• [Problem to solve] Return the records as they stand. No picture is to be included.
*** Task input Section Begins ***
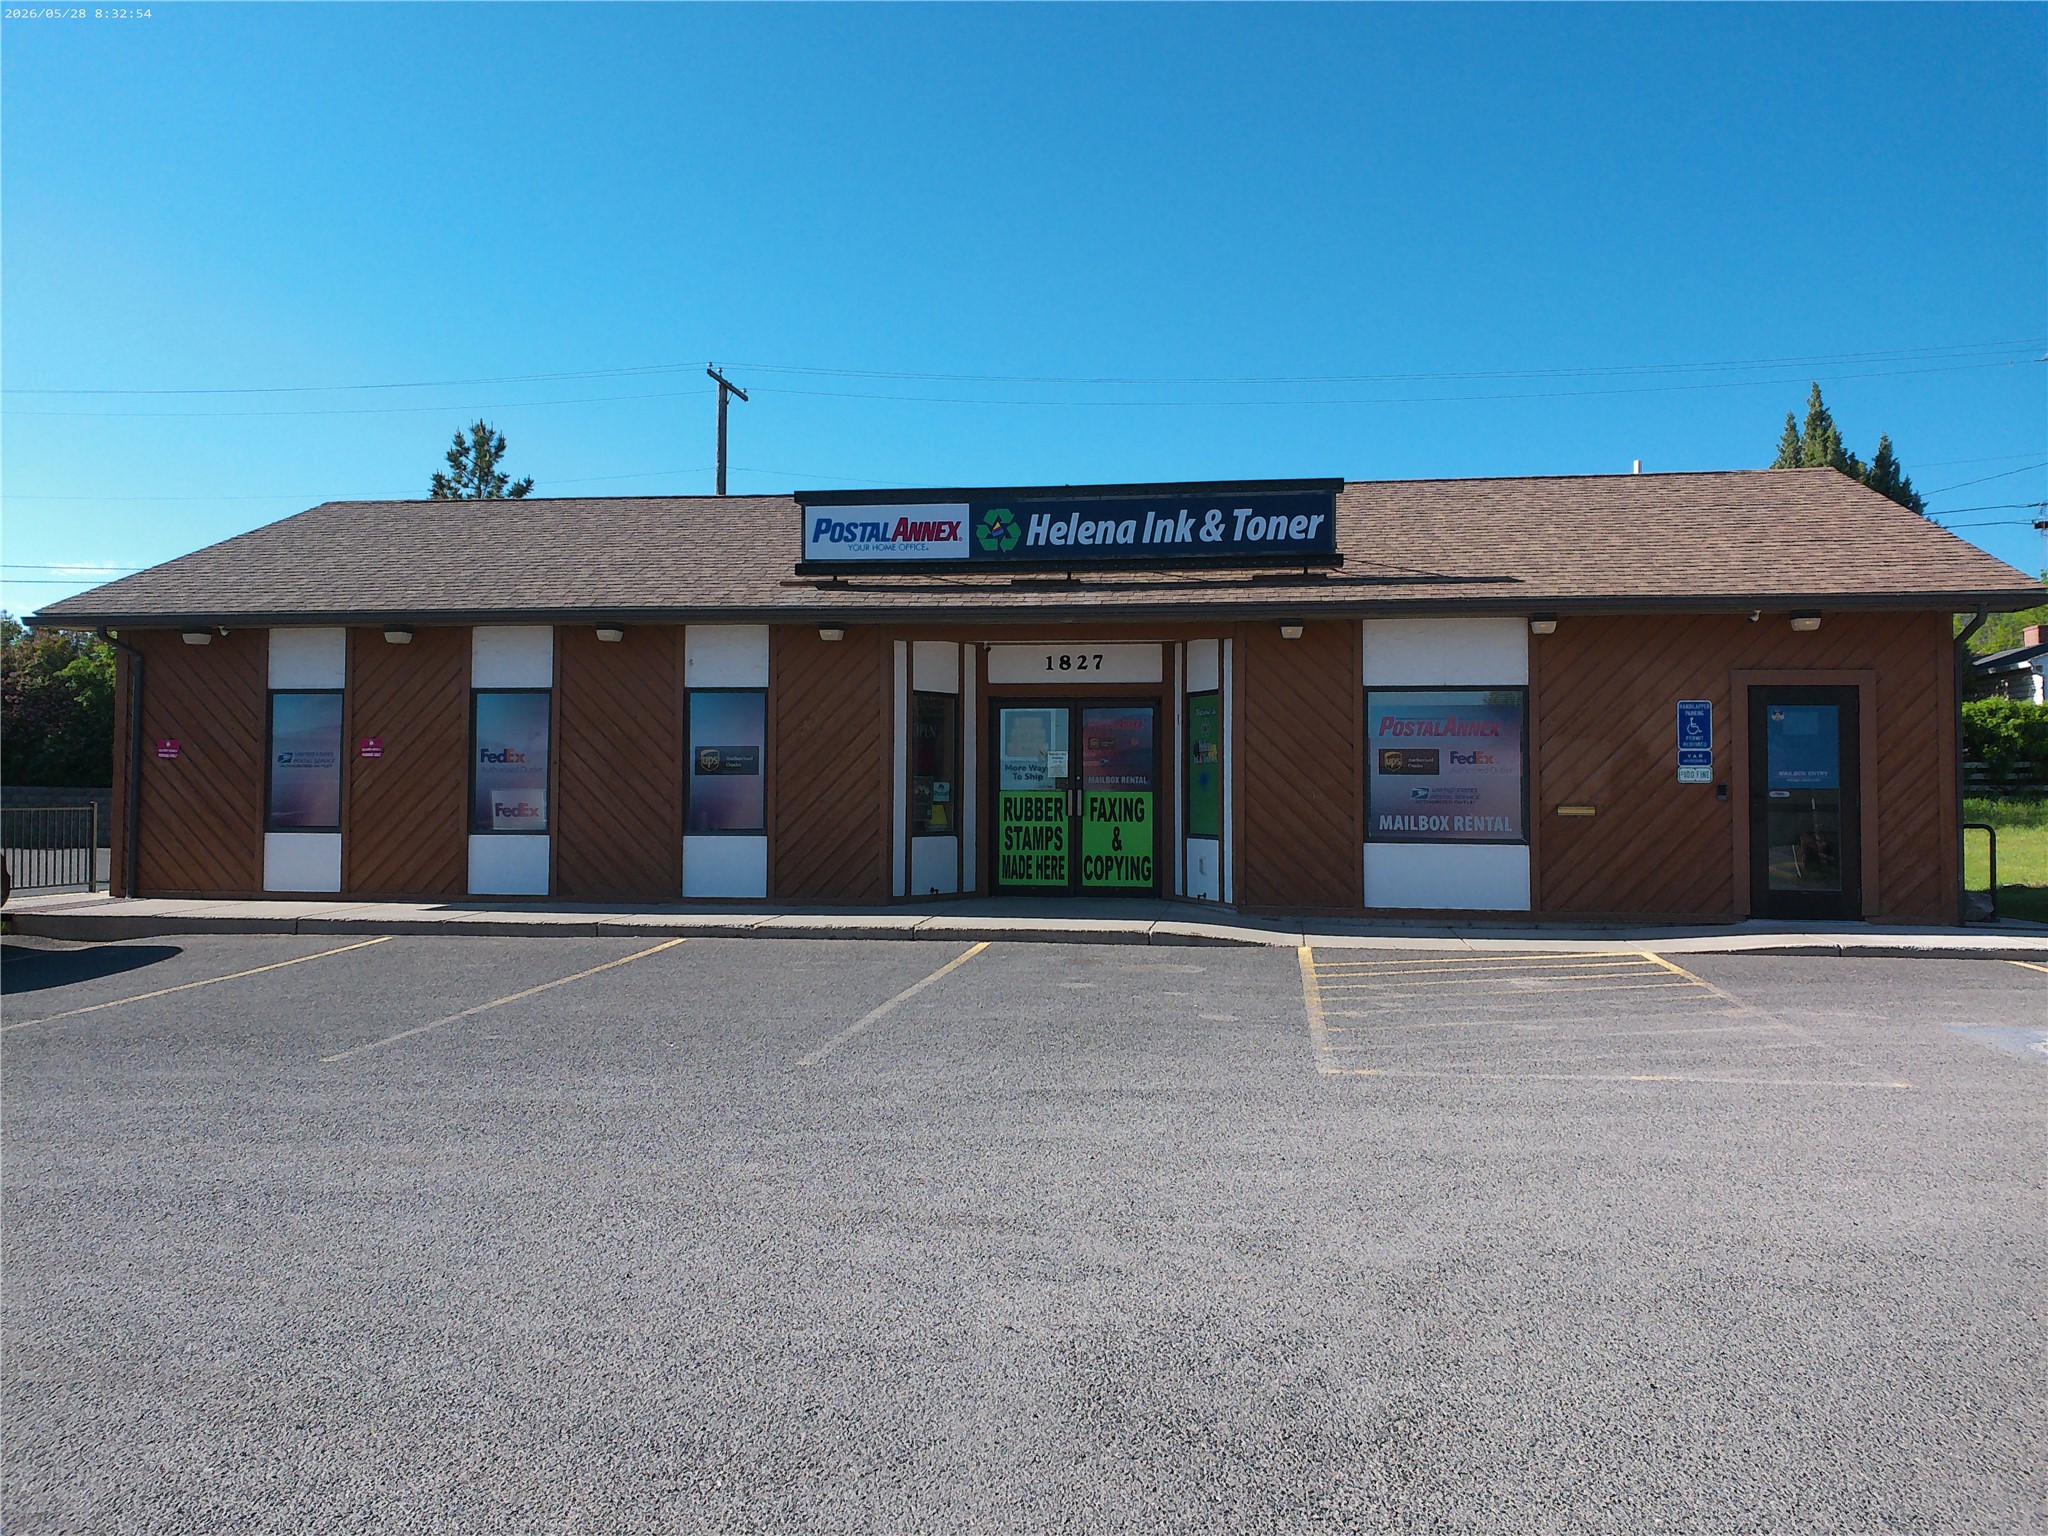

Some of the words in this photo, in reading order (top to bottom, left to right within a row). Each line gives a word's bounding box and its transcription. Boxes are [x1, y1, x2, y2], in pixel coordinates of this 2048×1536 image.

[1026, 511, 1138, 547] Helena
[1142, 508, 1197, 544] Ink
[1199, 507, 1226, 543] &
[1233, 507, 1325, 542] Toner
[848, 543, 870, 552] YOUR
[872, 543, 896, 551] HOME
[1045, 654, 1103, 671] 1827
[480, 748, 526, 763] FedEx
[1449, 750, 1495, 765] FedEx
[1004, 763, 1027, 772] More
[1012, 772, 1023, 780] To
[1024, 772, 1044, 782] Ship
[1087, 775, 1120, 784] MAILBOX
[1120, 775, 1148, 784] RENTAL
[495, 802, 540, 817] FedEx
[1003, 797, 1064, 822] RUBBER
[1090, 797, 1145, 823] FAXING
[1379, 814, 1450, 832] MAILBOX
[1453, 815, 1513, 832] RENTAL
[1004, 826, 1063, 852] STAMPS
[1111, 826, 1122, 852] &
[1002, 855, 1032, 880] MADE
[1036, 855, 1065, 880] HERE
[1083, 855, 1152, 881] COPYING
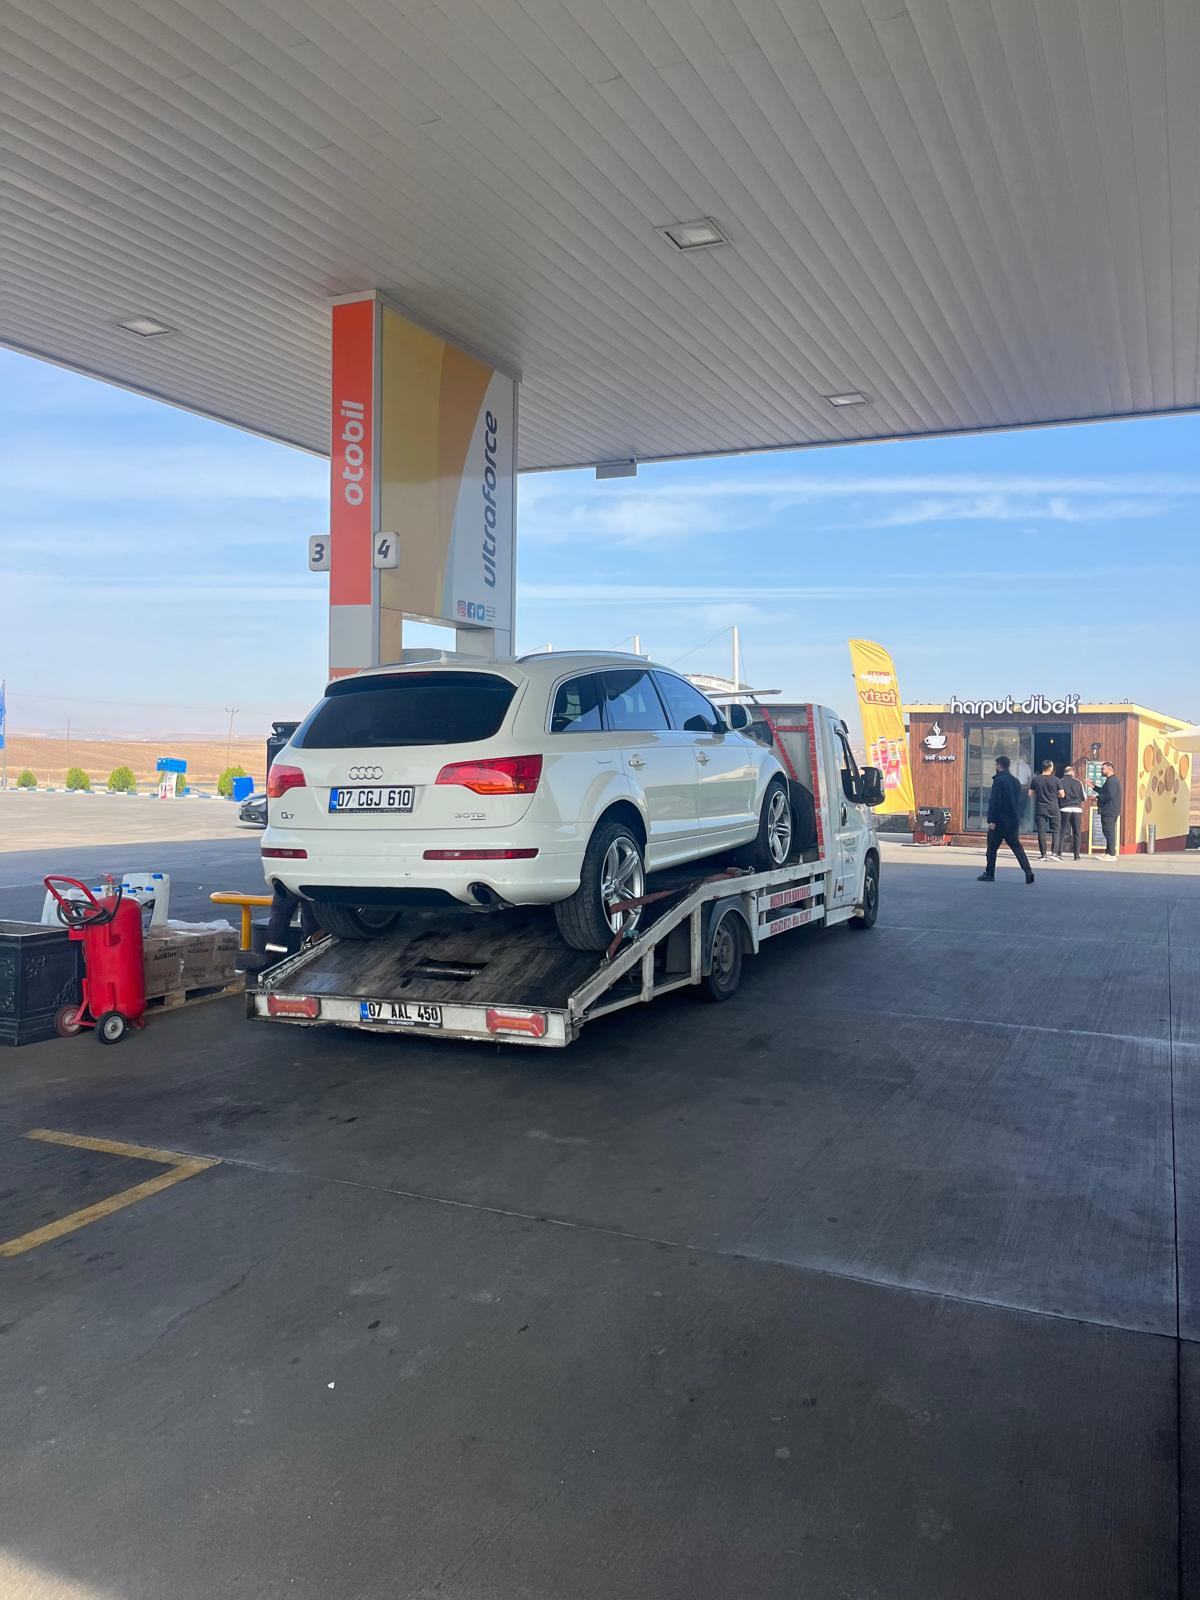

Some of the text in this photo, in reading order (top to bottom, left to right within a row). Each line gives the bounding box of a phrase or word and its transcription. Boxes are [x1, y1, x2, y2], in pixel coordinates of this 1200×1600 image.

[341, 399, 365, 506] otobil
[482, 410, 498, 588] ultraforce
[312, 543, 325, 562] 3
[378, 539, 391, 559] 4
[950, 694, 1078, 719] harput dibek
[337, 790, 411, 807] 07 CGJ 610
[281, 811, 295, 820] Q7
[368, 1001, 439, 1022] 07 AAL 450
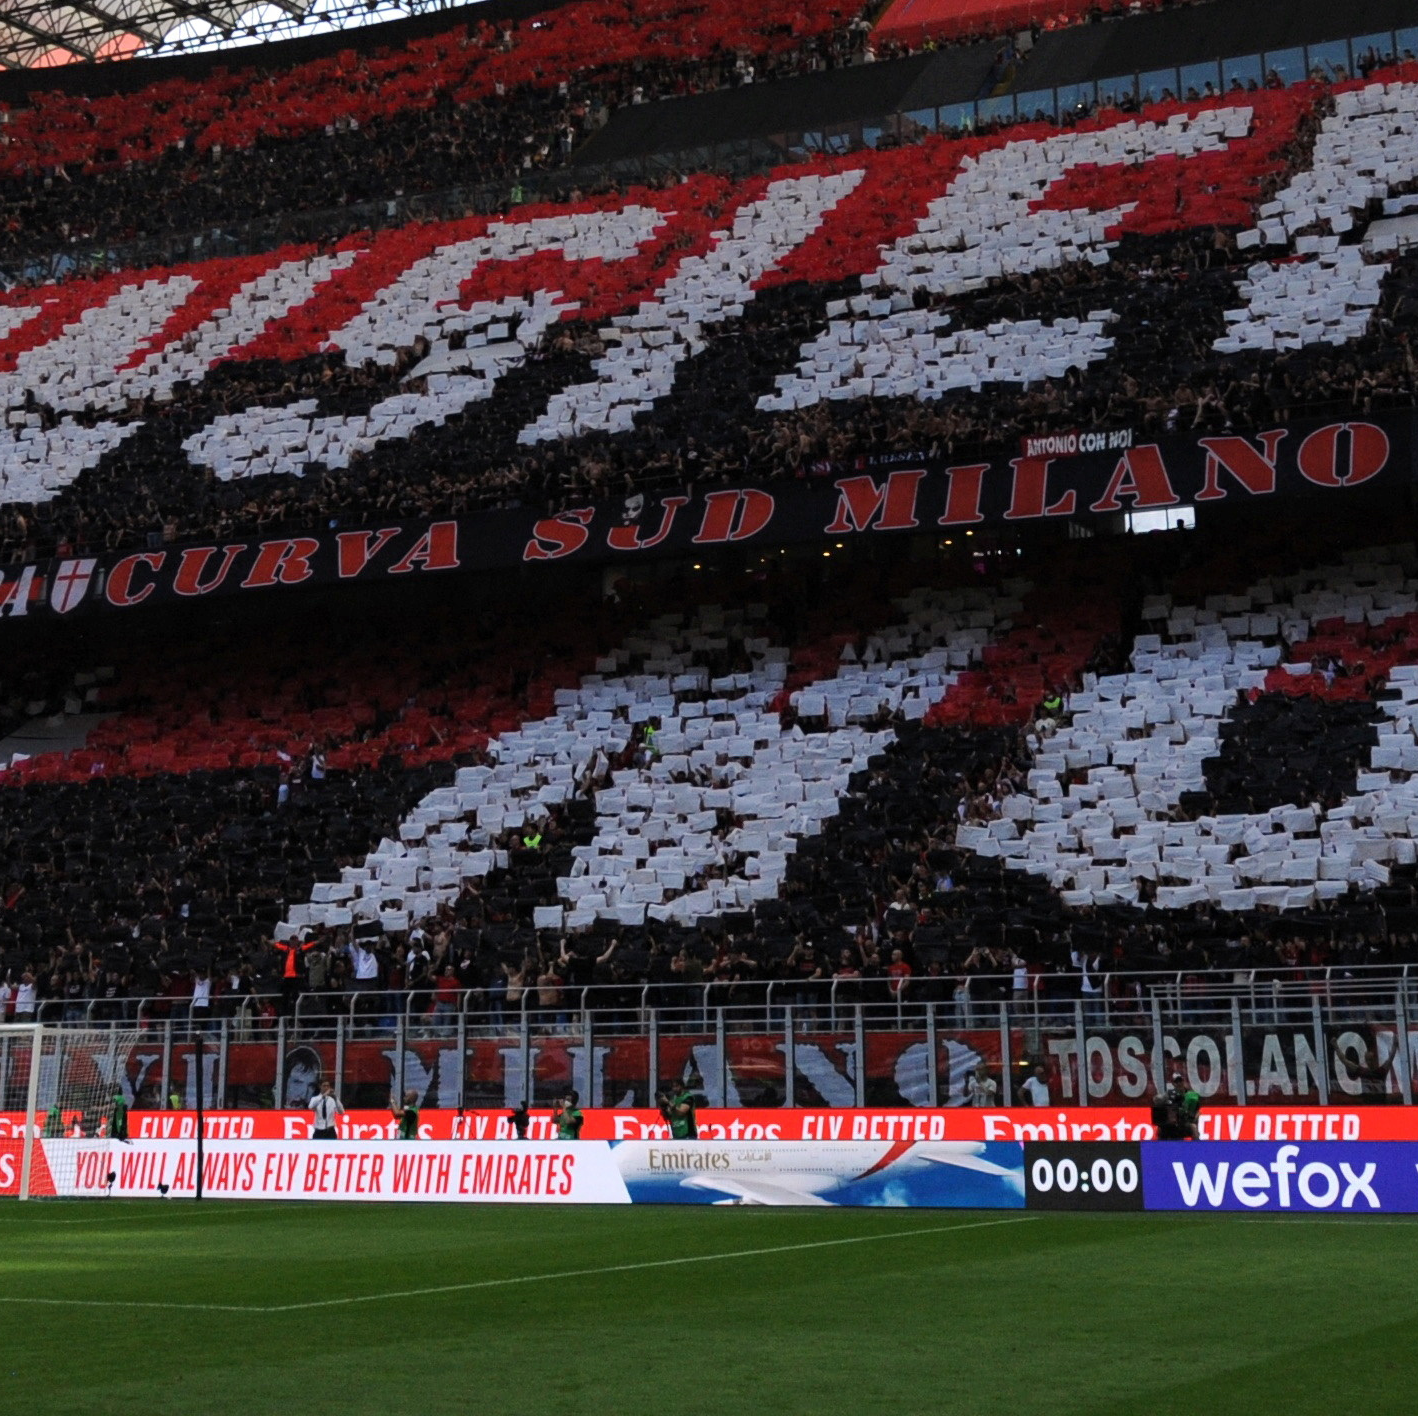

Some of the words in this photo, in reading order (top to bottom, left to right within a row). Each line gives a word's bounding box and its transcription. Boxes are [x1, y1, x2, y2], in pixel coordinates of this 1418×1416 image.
*** Task input Section Ends ***
• [Answer to this exercise]
Some of the words in this photo, in reading order (top to bottom, left to right within a row). Each line gives a word's bounding box and its transcription. Boxes are [x1, y1, x2, y2], in pixel coordinates of this 2048×1536 image.

[1026, 511, 1138, 547] Helena
[1142, 508, 1197, 544] Ink
[1199, 507, 1226, 543] &
[1233, 507, 1325, 542] Toner
[848, 543, 870, 552] YOUR
[872, 543, 896, 551] HOME
[1045, 654, 1103, 671] 1827
[480, 748, 526, 763] FedEx
[1449, 750, 1495, 765] FedEx
[1004, 763, 1027, 772] More
[1012, 772, 1023, 780] To
[1024, 772, 1044, 782] Ship
[1087, 775, 1120, 784] MAILBOX
[1120, 775, 1148, 784] RENTAL
[495, 802, 540, 817] FedEx
[1003, 797, 1064, 822] RUBBER
[1090, 797, 1145, 823] FAXING
[1379, 814, 1450, 832] MAILBOX
[1453, 815, 1513, 832] RENTAL
[1004, 826, 1063, 852] STAMPS
[1111, 826, 1122, 852] &
[1002, 855, 1032, 880] MADE
[1036, 855, 1065, 880] HERE
[1083, 855, 1152, 881] COPYING

Some of the text in this photo, in reading order (top to bottom, left to right within a row). Each line gives the bounding box of a phrase or word and its transcription. Boxes are [x1, y1, x2, y2], in pixel coordinates of this 1200×1600 image.

[341, 399, 365, 506] otobil
[482, 410, 498, 588] ultraforce
[312, 543, 325, 562] 3
[378, 539, 391, 559] 4
[950, 694, 1078, 719] harput dibek
[337, 790, 411, 807] 07 CGJ 610
[281, 811, 295, 820] Q7
[368, 1001, 439, 1022] 07 AAL 450

Some of the words in this photo, in reading order (top to bottom, left to right within a row). Each line gives a word's bounding box and its transcription. Boxes are [x1, y1, x2, y2], in pixel coordinates of this 1418×1416 image.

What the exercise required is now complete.